Unifying the four Jaws films like this raises a particular problem. Papa Jacques is now the main villain of the Jaws series, and Hank Searls must make that a believable thing. He doesn't. Papa Jacques barely gets dialogue--he just lurks around being sinister-looking. (There's a lot of racist dialogue focusing on his black skin, usually with the apparent intent being that makes him more sinister-looking.) It's hard to get menace out of a character who is responsible for a number of deaths because he had his magic charm thrown in the water; even if he does possess real mystical powers, that's such a petty grudge that it undercuts any menace he could present as a powerful wizard type. If Jacques was a charismatic character, with a large following and presence a la Thulsa Doom from the Schwarzenegger Conan, then I could suspend my disbelief, but that would still change Jaws: The Revenge into a different story entirely--either a Mansonsploitation-style thriller, or some kind of fantasy story. If you take this novel as canon, you now have to believe that magic exists in the Jawsverse. Indeed, it is the entire impetus for the plot of all the movies.

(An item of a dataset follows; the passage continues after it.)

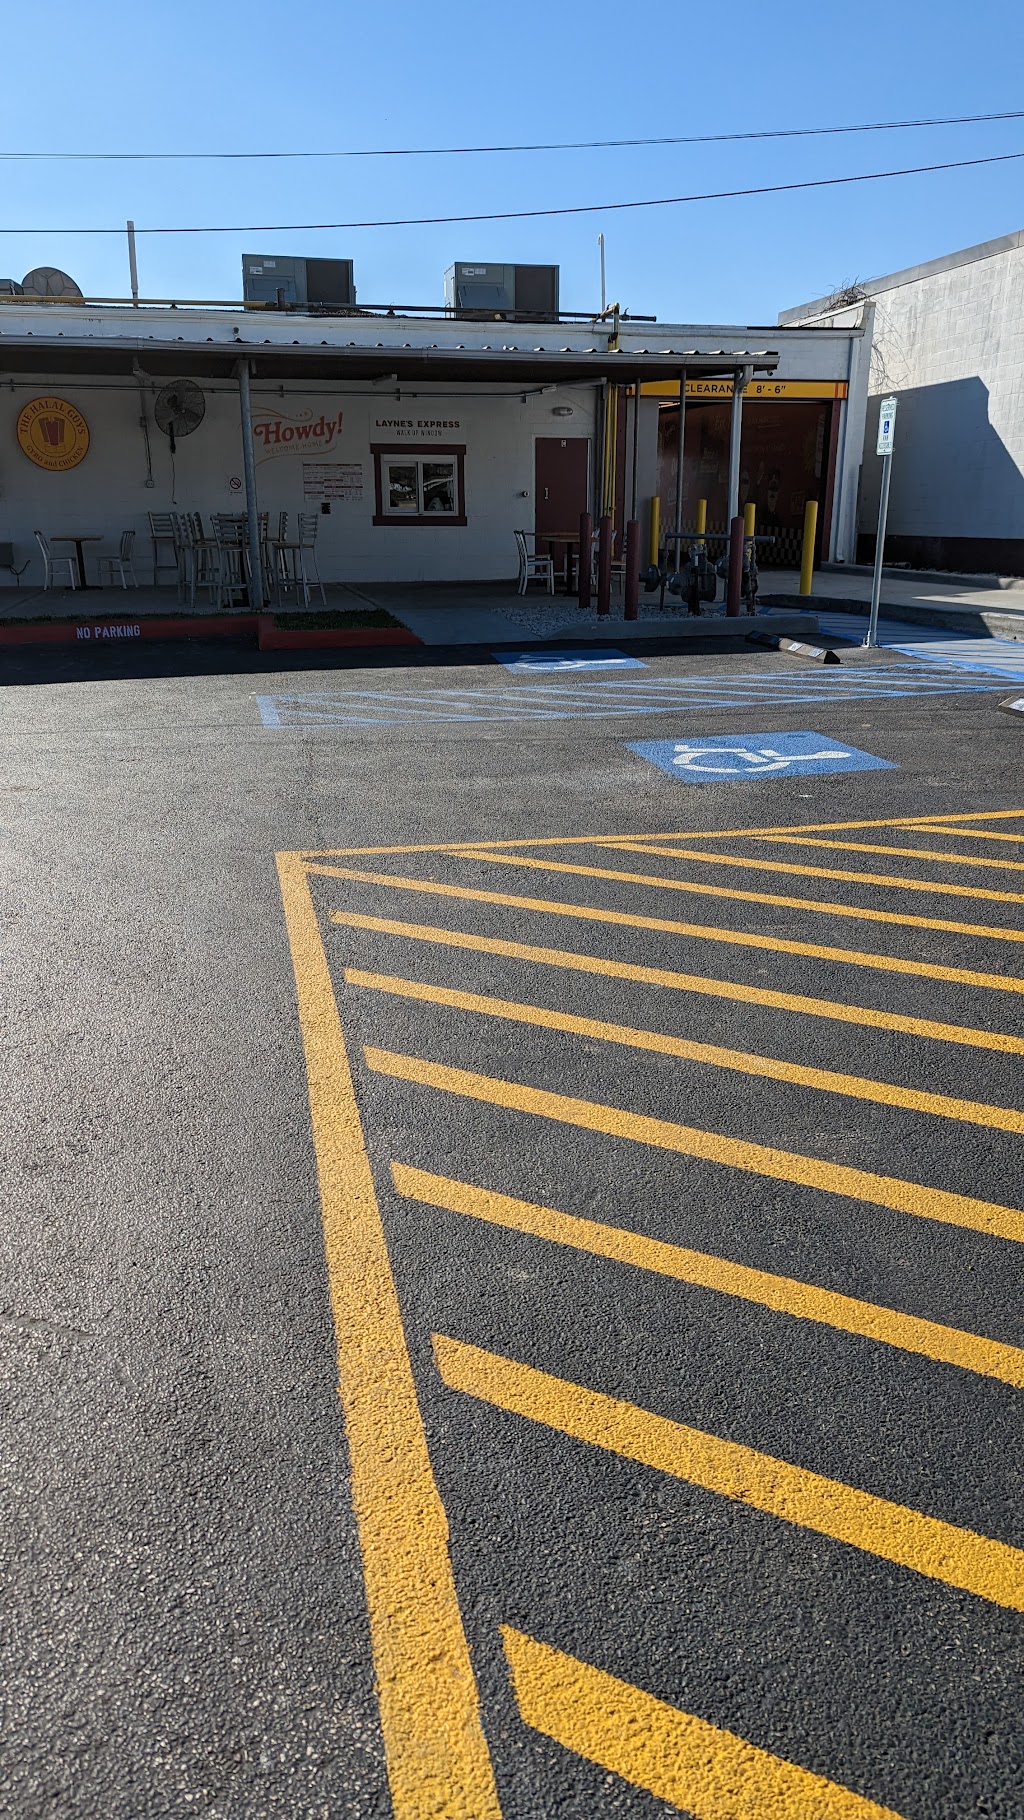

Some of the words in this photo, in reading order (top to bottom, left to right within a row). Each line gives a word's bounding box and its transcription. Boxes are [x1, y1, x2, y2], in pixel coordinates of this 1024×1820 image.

In case you didn't click that TV Tropes link above, this book is the Trope Namer for the Voodoo Shark: when a plot hole is "patched" by an even bigger plothole, like, say, casually revealing that magic exists in the setting of Jaws. This is the one thing that keeps this book memorable at all. Otherwise, it is the sort of book that I really hate reading, which is the airport novel. This is the sort of thing I could get for four bucks off the "bookshelf" at the local grocery store. I'm getting too snobby for my own good here, but this is an overly dry book that is "realistic" because it uses a lot of technical terms. Ooh, you know what the different parts of a boat are called. That makes your story so much more compelling, and it totally makes me forget your characters are planks of wood.

Read this book, if you must, for the same reason I did, which is voodoo sharks. Otherwise, you'll probably just be lost in a sea of endless do-nothing subplots while a shark creeps around semi-ominously.

P.S. Expect Peter Benchley's original Jaws novel on the site at some point, too. I've heard it's--how to phrase this nicely--kind of a turd. Marvelous!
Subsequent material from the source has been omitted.